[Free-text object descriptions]
= Beginning of Section =

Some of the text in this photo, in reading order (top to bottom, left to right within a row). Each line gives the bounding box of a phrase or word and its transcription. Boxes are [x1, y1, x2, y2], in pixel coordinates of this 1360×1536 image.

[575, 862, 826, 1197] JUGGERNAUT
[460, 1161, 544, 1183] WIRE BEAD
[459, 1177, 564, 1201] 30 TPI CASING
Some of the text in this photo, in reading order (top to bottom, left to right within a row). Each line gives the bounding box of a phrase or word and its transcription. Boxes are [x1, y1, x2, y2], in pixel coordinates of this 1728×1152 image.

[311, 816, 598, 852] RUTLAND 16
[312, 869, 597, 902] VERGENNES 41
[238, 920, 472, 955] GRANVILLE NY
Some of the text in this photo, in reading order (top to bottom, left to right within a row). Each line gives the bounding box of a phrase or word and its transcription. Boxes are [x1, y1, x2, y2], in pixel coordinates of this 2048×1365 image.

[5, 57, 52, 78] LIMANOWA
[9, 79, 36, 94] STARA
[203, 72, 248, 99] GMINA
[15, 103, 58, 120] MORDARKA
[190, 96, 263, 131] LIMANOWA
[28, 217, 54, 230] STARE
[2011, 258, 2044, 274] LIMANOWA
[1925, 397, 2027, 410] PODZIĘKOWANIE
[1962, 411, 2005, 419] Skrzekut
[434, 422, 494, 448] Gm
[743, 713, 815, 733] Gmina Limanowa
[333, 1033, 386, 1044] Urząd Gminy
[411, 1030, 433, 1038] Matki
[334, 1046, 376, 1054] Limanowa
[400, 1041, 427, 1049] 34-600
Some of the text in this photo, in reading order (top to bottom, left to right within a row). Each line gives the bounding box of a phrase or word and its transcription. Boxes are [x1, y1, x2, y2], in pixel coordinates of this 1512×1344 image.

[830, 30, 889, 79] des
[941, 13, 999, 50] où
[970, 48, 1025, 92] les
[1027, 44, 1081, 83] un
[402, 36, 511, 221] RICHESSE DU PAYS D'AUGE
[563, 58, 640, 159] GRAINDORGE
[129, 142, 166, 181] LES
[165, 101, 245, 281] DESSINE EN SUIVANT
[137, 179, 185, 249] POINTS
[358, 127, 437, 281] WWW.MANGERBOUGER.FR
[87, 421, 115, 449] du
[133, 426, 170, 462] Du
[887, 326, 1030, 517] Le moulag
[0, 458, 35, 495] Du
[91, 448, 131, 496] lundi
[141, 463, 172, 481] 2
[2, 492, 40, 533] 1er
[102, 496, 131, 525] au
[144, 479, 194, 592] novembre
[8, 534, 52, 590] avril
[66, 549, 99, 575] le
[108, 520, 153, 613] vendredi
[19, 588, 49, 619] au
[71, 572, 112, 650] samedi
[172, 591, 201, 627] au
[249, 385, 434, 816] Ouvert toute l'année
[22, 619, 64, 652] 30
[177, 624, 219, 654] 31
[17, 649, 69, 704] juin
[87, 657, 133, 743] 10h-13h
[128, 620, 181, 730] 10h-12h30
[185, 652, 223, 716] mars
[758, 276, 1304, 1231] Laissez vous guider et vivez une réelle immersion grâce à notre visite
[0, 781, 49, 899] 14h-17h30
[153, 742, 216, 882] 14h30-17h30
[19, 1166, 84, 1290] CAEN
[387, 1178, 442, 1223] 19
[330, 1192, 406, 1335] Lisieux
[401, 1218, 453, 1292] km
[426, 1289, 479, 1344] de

= End of Section =

Exercise brief>
All lines from the one with "this 1512×1344 image." to the end of the entries above are to be written out exactly, the first and last included.

Exercise output>
Some of the text in this photo, in reading order (top to bottom, left to right within a row). Each line gives the bounding box of a phrase or word and its transcription. Boxes are [x1, y1, x2, y2], in pixel coordinates of this 1512×1344 image.

[830, 30, 889, 79] des
[941, 13, 999, 50] où
[970, 48, 1025, 92] les
[1027, 44, 1081, 83] un
[402, 36, 511, 221] RICHESSE DU PAYS D'AUGE
[563, 58, 640, 159] GRAINDORGE
[129, 142, 166, 181] LES
[165, 101, 245, 281] DESSINE EN SUIVANT
[137, 179, 185, 249] POINTS
[358, 127, 437, 281] WWW.MANGERBOUGER.FR
[87, 421, 115, 449] du
[133, 426, 170, 462] Du
[887, 326, 1030, 517] Le moulag
[0, 458, 35, 495] Du
[91, 448, 131, 496] lundi
[141, 463, 172, 481] 2
[2, 492, 40, 533] 1er
[102, 496, 131, 525] au
[144, 479, 194, 592] novembre
[8, 534, 52, 590] avril
[66, 549, 99, 575] le
[108, 520, 153, 613] vendredi
[19, 588, 49, 619] au
[71, 572, 112, 650] samedi
[172, 591, 201, 627] au
[249, 385, 434, 816] Ouvert toute l'année
[22, 619, 64, 652] 30
[177, 624, 219, 654] 31
[17, 649, 69, 704] juin
[87, 657, 133, 743] 10h-13h
[128, 620, 181, 730] 10h-12h30
[185, 652, 223, 716] mars
[758, 276, 1304, 1231] Laissez vous guider et vivez une réelle immersion grâce à notre visite
[0, 781, 49, 899] 14h-17h30
[153, 742, 216, 882] 14h30-17h30
[19, 1166, 84, 1290] CAEN
[387, 1178, 442, 1223] 19
[330, 1192, 406, 1335] Lisieux
[401, 1218, 453, 1292] km
[426, 1289, 479, 1344] de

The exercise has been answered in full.